Lines of code was always a weak productivity metric, and AI-assisted development has finally made that obvious to everyone, not just the engineers who complained about it. When a tool can generate hundreds of lines in seconds, volume stops being a meaningful signal of anything — effort, value, or quality. Organizations that haven't updated how they measure engineering output are now measuring noise.
What good metrics look like
Useful productivity metrics share a few properties: they're hard to game by accident, they correlate with something the business actually cares about, and they hold up whether a change was written by a person, generated by a model, or some mix of both. Cycle time — from a piece of work starting to it reaching production — holds up well under that test. So does change failure rate, deployment frequency, and the rate at which work gets reverted or hotfixed shortly after shipping.

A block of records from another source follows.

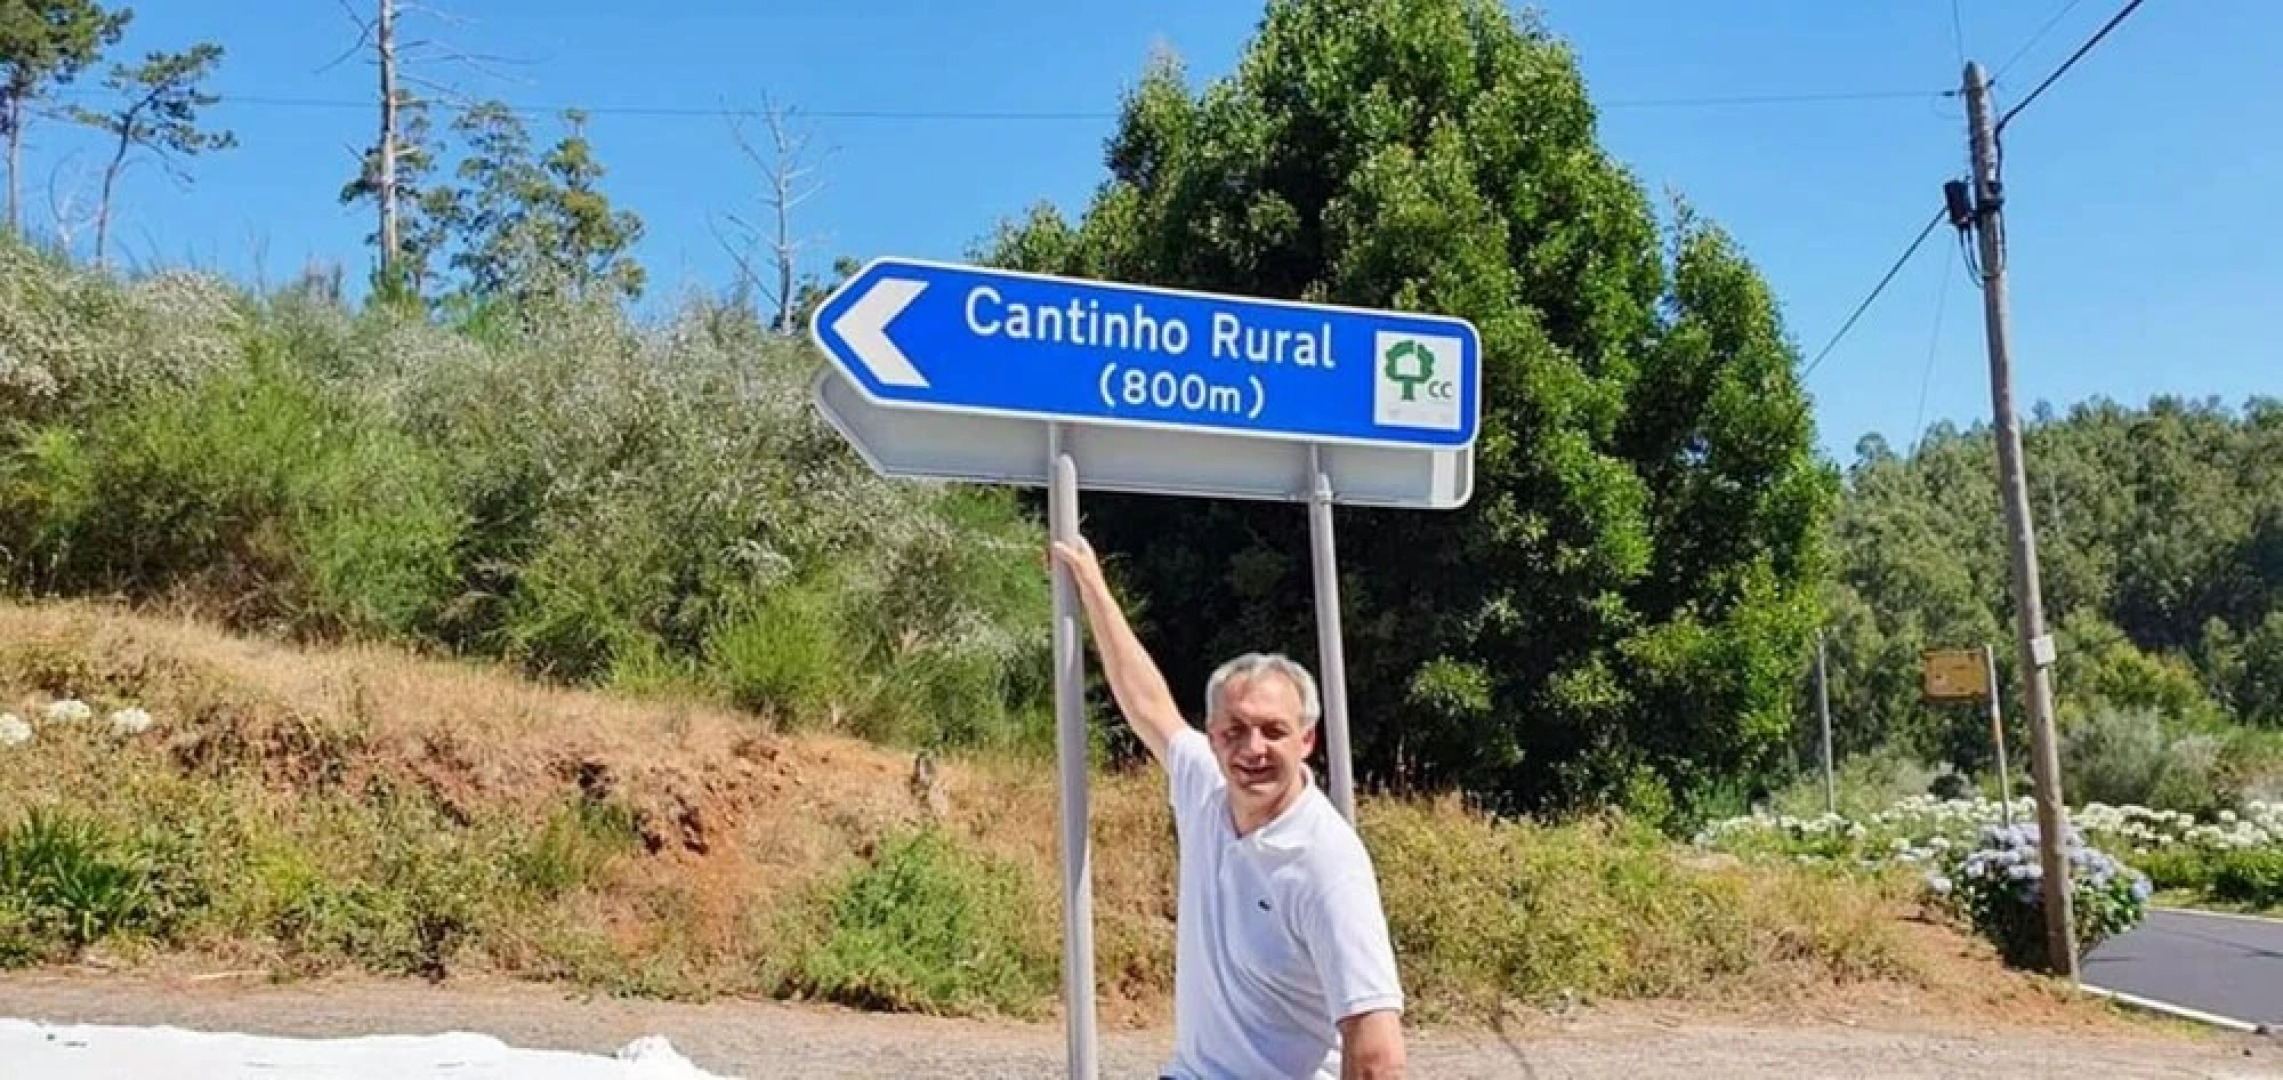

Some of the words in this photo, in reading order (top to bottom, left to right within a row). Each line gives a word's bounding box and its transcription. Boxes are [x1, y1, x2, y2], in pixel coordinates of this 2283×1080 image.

[965, 287, 1188, 354] Cantinho
[1212, 312, 1335, 367] Rural
[1100, 362, 1264, 419] (800m)
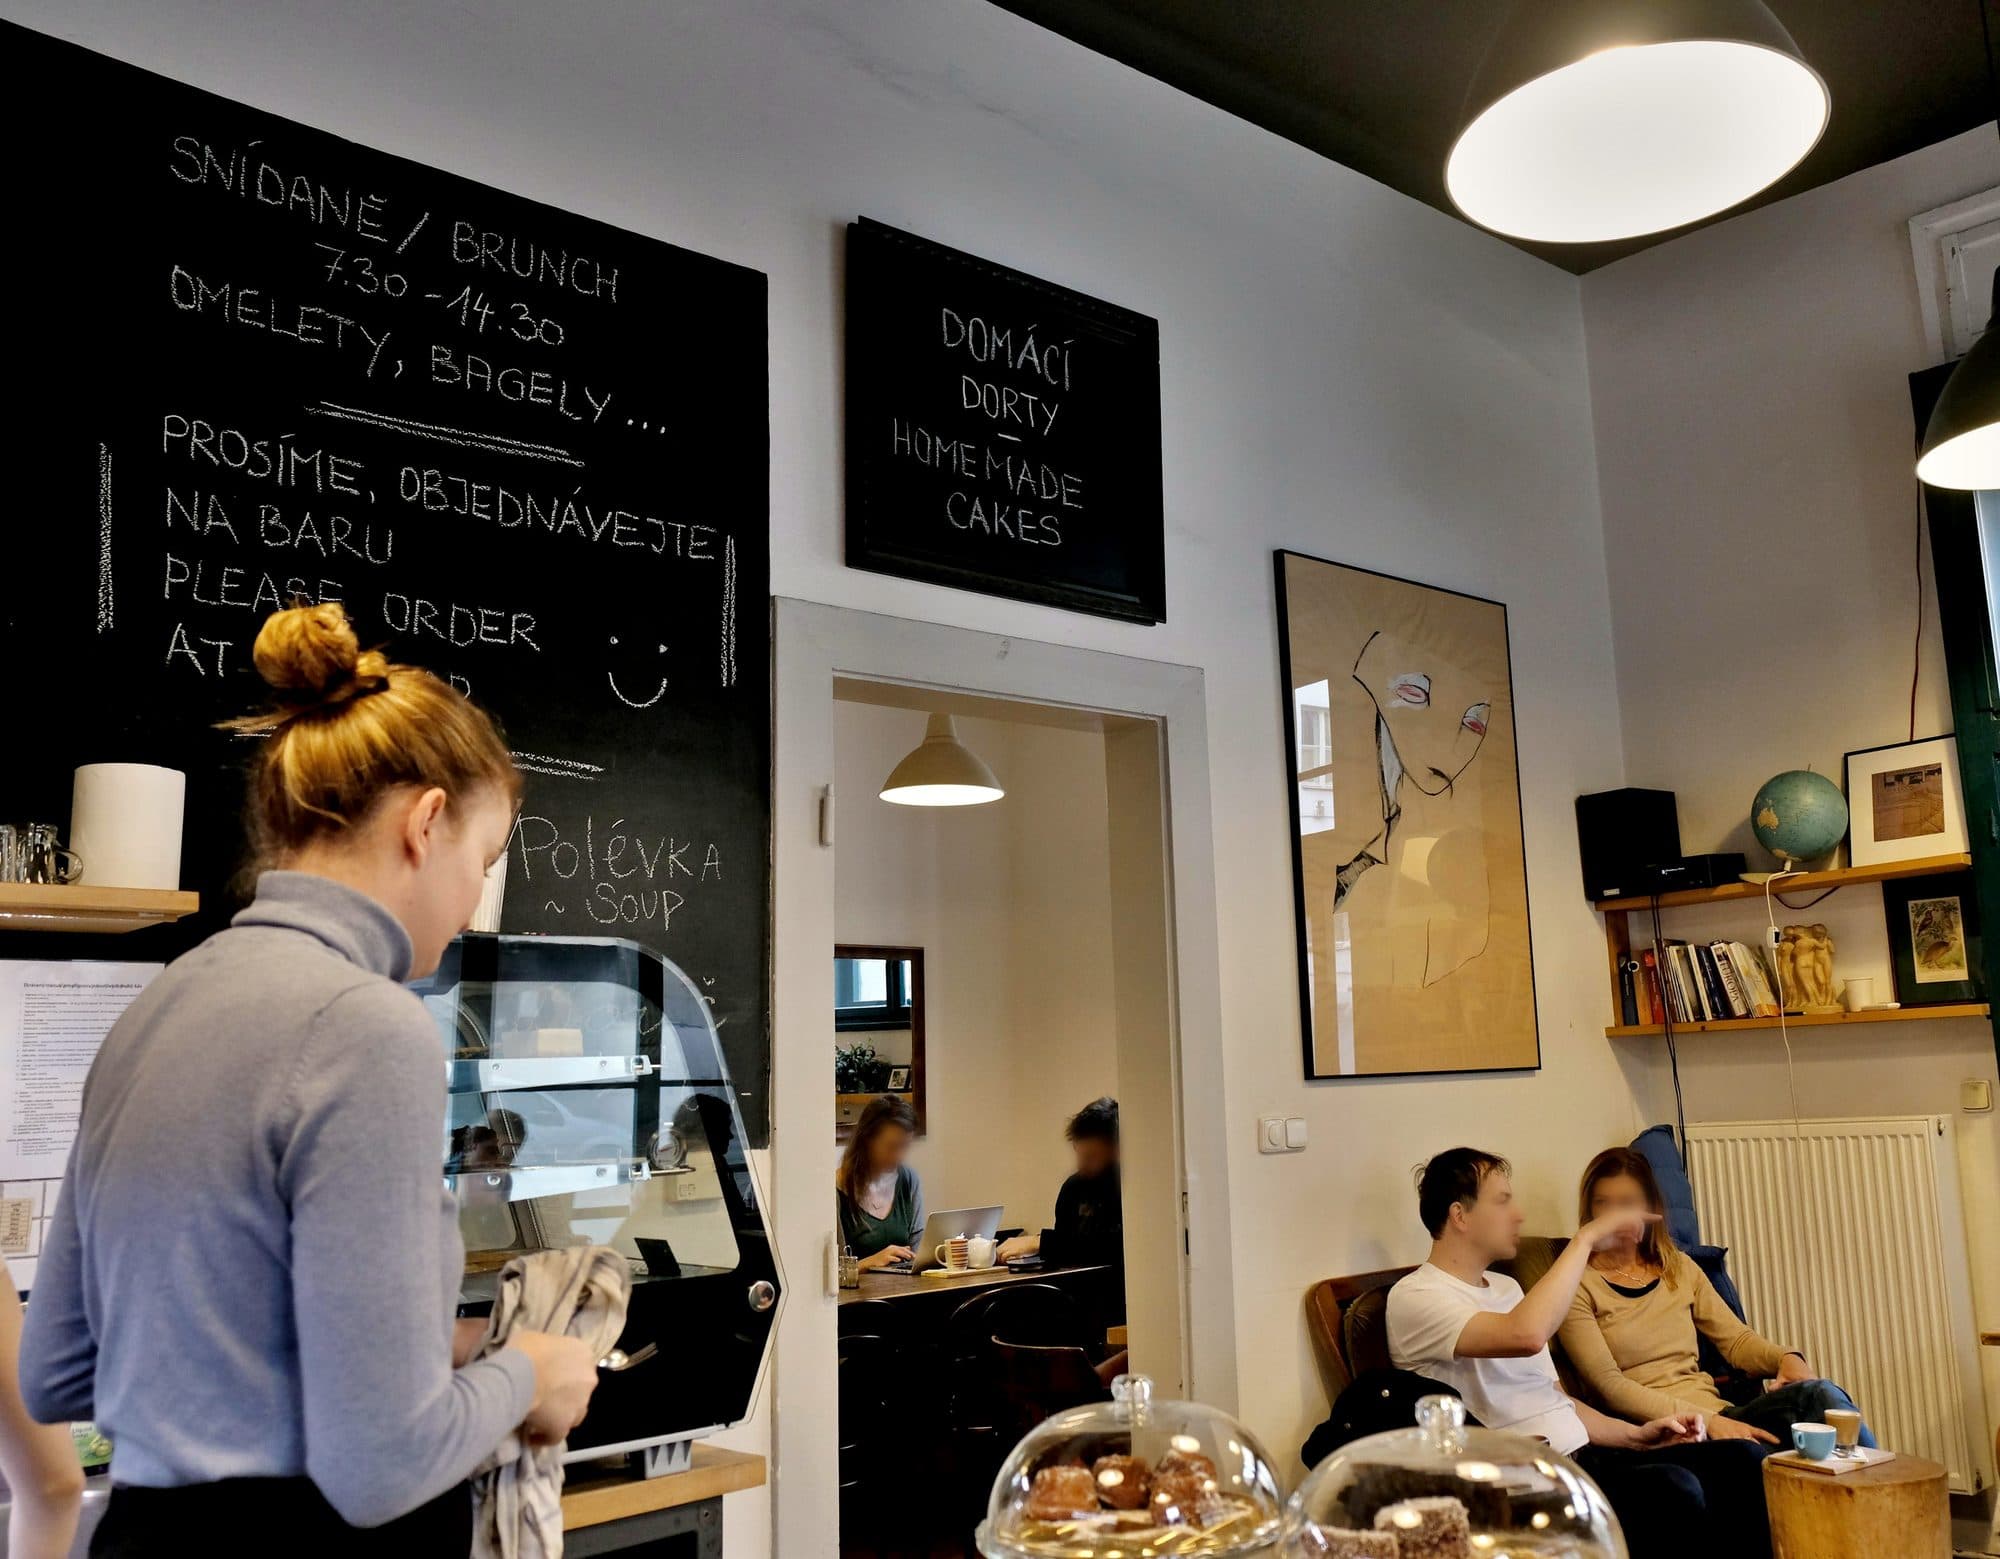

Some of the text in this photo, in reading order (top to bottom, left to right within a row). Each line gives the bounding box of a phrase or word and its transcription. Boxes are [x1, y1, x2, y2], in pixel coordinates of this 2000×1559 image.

[452, 221, 618, 301] BRUNCH
[170, 264, 403, 378] OMELETY,
[942, 307, 1074, 391] DOMÁCÍ
[961, 375, 1059, 436] DORTY
[163, 414, 715, 560] PROSÍME, OBJEDNÁVEJTE
[166, 487, 393, 564] NA BARU
[946, 492, 1062, 546] CAKES
[166, 622, 233, 678] AT
[383, 592, 541, 652] ORDER

These DORA-style metrics aren't new, but AI-assisted development raises their importance, because the easy proxy metrics — commits per day, PRs opened, lines changed — are now trivially inflated by tooling rather than effort. A team can look dramatically more "productive" on paper while actually shipping less reliable software, if the only thing being measured is throughput.
Review load is a productivity metric too
One thing that often gets missed: as code generation accelerates, review and verification become a larger share of total delivery time, not a smaller one. A team's real velocity is gated by how fast it can safely review, test, and validate changes — not how fast it can produce them. Tracking review turnaround time and the ratio of review time to authoring time gives a much more honest picture of where a team's actual capacity is going.
Quality has to be in the same dashboard as speed
Speed metrics without quality metrics next to them are an invitation to cut corners. Defect escape rate, production incident frequency, and test coverage trends matter more, not less, in an AI-assisted workflow, because the velocity gains make it easier to outrun your own quality bar without noticing until something breaks in front of a customer.
The goal isn't to abandon measurement — it's to measure the things that were always true indicators of healthy delivery and stop pretending raw output volume ever told the whole story. AI-assisted development didn't break developer productivity measurement. It just removed the last excuse for using a bad metric.